Exercise prompt: Below is a block of records; please copy all of them exactly.
+++
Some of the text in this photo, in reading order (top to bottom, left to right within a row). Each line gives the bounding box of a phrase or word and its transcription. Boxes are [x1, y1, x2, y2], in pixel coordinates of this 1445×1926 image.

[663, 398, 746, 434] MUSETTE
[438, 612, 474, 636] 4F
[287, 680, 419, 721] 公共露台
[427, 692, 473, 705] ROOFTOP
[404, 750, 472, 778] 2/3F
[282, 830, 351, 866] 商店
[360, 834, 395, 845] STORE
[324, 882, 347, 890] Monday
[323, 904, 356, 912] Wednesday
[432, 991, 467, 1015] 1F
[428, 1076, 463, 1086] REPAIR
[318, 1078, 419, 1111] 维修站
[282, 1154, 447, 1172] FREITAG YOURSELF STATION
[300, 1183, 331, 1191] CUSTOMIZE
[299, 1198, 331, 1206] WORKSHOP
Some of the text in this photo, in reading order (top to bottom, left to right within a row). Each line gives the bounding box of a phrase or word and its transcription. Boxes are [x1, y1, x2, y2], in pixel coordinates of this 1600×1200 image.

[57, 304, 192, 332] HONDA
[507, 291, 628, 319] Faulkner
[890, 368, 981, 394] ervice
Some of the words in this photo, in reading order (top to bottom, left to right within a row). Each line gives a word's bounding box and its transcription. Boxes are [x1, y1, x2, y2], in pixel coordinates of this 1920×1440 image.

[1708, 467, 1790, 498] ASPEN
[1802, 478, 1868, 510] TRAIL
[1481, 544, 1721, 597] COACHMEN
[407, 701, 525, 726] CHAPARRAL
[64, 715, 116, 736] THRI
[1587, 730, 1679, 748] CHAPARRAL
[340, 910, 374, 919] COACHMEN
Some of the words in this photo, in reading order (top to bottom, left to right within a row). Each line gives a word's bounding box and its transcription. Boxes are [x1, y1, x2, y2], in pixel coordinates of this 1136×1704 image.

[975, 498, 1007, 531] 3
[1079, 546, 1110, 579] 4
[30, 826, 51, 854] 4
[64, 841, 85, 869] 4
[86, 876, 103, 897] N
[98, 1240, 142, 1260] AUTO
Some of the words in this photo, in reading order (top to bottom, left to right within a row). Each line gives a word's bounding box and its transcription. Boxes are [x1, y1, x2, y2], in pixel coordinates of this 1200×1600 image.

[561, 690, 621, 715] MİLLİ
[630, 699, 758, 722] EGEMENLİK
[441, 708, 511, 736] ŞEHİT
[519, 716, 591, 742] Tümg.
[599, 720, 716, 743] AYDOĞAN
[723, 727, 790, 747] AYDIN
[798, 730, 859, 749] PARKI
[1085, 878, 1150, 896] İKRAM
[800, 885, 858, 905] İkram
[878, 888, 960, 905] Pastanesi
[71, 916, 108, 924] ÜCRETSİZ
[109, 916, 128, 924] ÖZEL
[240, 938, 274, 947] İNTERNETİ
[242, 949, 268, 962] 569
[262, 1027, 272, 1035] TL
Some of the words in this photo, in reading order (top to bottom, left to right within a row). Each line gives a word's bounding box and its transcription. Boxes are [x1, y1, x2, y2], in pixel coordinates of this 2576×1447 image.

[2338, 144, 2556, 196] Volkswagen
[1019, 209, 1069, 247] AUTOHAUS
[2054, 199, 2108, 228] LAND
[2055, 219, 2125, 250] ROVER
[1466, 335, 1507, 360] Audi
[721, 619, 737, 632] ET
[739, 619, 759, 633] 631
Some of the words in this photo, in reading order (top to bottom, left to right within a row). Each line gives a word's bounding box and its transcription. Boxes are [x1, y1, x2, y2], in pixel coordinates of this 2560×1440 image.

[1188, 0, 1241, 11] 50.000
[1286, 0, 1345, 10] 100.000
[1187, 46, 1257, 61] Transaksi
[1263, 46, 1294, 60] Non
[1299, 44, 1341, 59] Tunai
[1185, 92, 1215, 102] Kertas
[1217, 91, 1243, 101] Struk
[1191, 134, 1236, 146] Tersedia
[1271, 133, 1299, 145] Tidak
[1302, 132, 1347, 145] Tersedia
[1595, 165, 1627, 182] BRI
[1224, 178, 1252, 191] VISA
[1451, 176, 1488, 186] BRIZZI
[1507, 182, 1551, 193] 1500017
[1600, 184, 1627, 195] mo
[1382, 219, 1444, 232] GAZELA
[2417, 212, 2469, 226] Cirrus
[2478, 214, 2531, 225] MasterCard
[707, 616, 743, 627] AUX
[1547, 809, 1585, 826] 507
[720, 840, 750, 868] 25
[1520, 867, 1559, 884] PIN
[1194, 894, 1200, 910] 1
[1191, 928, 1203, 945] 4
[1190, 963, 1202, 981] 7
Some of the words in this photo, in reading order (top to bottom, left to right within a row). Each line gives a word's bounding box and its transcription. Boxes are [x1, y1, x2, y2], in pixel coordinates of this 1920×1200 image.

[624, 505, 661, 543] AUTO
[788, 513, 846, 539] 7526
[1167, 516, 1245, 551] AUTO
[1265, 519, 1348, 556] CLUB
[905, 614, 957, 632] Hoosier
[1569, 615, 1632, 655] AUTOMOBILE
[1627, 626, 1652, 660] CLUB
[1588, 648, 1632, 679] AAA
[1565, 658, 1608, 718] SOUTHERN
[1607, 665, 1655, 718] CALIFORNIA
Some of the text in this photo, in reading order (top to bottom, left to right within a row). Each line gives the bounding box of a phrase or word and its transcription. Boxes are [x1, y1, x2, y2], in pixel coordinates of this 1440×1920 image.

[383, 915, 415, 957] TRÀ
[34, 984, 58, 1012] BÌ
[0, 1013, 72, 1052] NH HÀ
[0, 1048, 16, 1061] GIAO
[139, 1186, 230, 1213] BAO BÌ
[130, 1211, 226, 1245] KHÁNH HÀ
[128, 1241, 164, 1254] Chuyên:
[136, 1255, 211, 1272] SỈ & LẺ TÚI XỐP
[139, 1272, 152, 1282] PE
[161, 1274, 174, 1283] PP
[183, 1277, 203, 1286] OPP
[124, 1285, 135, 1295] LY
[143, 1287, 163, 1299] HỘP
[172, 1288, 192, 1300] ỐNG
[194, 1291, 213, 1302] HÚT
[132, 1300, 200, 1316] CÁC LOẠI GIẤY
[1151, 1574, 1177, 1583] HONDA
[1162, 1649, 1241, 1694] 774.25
+++
Task output:
Some of the text in this photo, in reading order (top to bottom, left to right within a row). Each line gives the bounding box of a phrase or word and its transcription. Boxes are [x1, y1, x2, y2], in pixel coordinates of this 1445×1926 image.

[663, 398, 746, 434] MUSETTE
[438, 612, 474, 636] 4F
[287, 680, 419, 721] 公共露台
[427, 692, 473, 705] ROOFTOP
[404, 750, 472, 778] 2/3F
[282, 830, 351, 866] 商店
[360, 834, 395, 845] STORE
[324, 882, 347, 890] Monday
[323, 904, 356, 912] Wednesday
[432, 991, 467, 1015] 1F
[428, 1076, 463, 1086] REPAIR
[318, 1078, 419, 1111] 维修站
[282, 1154, 447, 1172] FREITAG YOURSELF STATION
[300, 1183, 331, 1191] CUSTOMIZE
[299, 1198, 331, 1206] WORKSHOP
Some of the text in this photo, in reading order (top to bottom, left to right within a row). Each line gives the bounding box of a phrase or word and its transcription. Boxes are [x1, y1, x2, y2], in pixel coordinates of this 1600×1200 image.

[57, 304, 192, 332] HONDA
[507, 291, 628, 319] Faulkner
[890, 368, 981, 394] ervice
Some of the words in this photo, in reading order (top to bottom, left to right within a row). Each line gives a word's bounding box and its transcription. Boxes are [x1, y1, x2, y2], in pixel coordinates of this 1920×1440 image.

[1708, 467, 1790, 498] ASPEN
[1802, 478, 1868, 510] TRAIL
[1481, 544, 1721, 597] COACHMEN
[407, 701, 525, 726] CHAPARRAL
[64, 715, 116, 736] THRI
[1587, 730, 1679, 748] CHAPARRAL
[340, 910, 374, 919] COACHMEN
Some of the words in this photo, in reading order (top to bottom, left to right within a row). Each line gives a word's bounding box and its transcription. Boxes are [x1, y1, x2, y2], in pixel coordinates of this 1136×1704 image.

[975, 498, 1007, 531] 3
[1079, 546, 1110, 579] 4
[30, 826, 51, 854] 4
[64, 841, 85, 869] 4
[86, 876, 103, 897] N
[98, 1240, 142, 1260] AUTO
Some of the words in this photo, in reading order (top to bottom, left to right within a row). Each line gives a word's bounding box and its transcription. Boxes are [x1, y1, x2, y2], in pixel coordinates of this 1200×1600 image.

[561, 690, 621, 715] MİLLİ
[630, 699, 758, 722] EGEMENLİK
[441, 708, 511, 736] ŞEHİT
[519, 716, 591, 742] Tümg.
[599, 720, 716, 743] AYDOĞAN
[723, 727, 790, 747] AYDIN
[798, 730, 859, 749] PARKI
[1085, 878, 1150, 896] İKRAM
[800, 885, 858, 905] İkram
[878, 888, 960, 905] Pastanesi
[71, 916, 108, 924] ÜCRETSİZ
[109, 916, 128, 924] ÖZEL
[240, 938, 274, 947] İNTERNETİ
[242, 949, 268, 962] 569
[262, 1027, 272, 1035] TL
Some of the words in this photo, in reading order (top to bottom, left to right within a row). Each line gives a word's bounding box and its transcription. Boxes are [x1, y1, x2, y2], in pixel coordinates of this 2576×1447 image.

[2338, 144, 2556, 196] Volkswagen
[1019, 209, 1069, 247] AUTOHAUS
[2054, 199, 2108, 228] LAND
[2055, 219, 2125, 250] ROVER
[1466, 335, 1507, 360] Audi
[721, 619, 737, 632] ET
[739, 619, 759, 633] 631
Some of the words in this photo, in reading order (top to bottom, left to right within a row). Each line gives a word's bounding box and its transcription. Boxes are [x1, y1, x2, y2], in pixel coordinates of this 2560×1440 image.

[1188, 0, 1241, 11] 50.000
[1286, 0, 1345, 10] 100.000
[1187, 46, 1257, 61] Transaksi
[1263, 46, 1294, 60] Non
[1299, 44, 1341, 59] Tunai
[1185, 92, 1215, 102] Kertas
[1217, 91, 1243, 101] Struk
[1191, 134, 1236, 146] Tersedia
[1271, 133, 1299, 145] Tidak
[1302, 132, 1347, 145] Tersedia
[1595, 165, 1627, 182] BRI
[1224, 178, 1252, 191] VISA
[1451, 176, 1488, 186] BRIZZI
[1507, 182, 1551, 193] 1500017
[1600, 184, 1627, 195] mo
[1382, 219, 1444, 232] GAZELA
[2417, 212, 2469, 226] Cirrus
[2478, 214, 2531, 225] MasterCard
[707, 616, 743, 627] AUX
[1547, 809, 1585, 826] 507
[720, 840, 750, 868] 25
[1520, 867, 1559, 884] PIN
[1194, 894, 1200, 910] 1
[1191, 928, 1203, 945] 4
[1190, 963, 1202, 981] 7
Some of the words in this photo, in reading order (top to bottom, left to right within a row). Each line gives a word's bounding box and its transcription. Boxes are [x1, y1, x2, y2], in pixel coordinates of this 1920×1200 image.

[624, 505, 661, 543] AUTO
[788, 513, 846, 539] 7526
[1167, 516, 1245, 551] AUTO
[1265, 519, 1348, 556] CLUB
[905, 614, 957, 632] Hoosier
[1569, 615, 1632, 655] AUTOMOBILE
[1627, 626, 1652, 660] CLUB
[1588, 648, 1632, 679] AAA
[1565, 658, 1608, 718] SOUTHERN
[1607, 665, 1655, 718] CALIFORNIA
Some of the text in this photo, in reading order (top to bottom, left to right within a row). Each line gives the bounding box of a phrase or word and its transcription. Boxes are [x1, y1, x2, y2], in pixel coordinates of this 1440×1920 image.

[383, 915, 415, 957] TRÀ
[34, 984, 58, 1012] BÌ
[0, 1013, 72, 1052] NH HÀ
[0, 1048, 16, 1061] GIAO
[139, 1186, 230, 1213] BAO BÌ
[130, 1211, 226, 1245] KHÁNH HÀ
[128, 1241, 164, 1254] Chuyên:
[136, 1255, 211, 1272] SỈ & LẺ TÚI XỐP
[139, 1272, 152, 1282] PE
[161, 1274, 174, 1283] PP
[183, 1277, 203, 1286] OPP
[124, 1285, 135, 1295] LY
[143, 1287, 163, 1299] HỘP
[172, 1288, 192, 1300] ỐNG
[194, 1291, 213, 1302] HÚT
[132, 1300, 200, 1316] CÁC LOẠI GIẤY
[1151, 1574, 1177, 1583] HONDA
[1162, 1649, 1241, 1694] 774.25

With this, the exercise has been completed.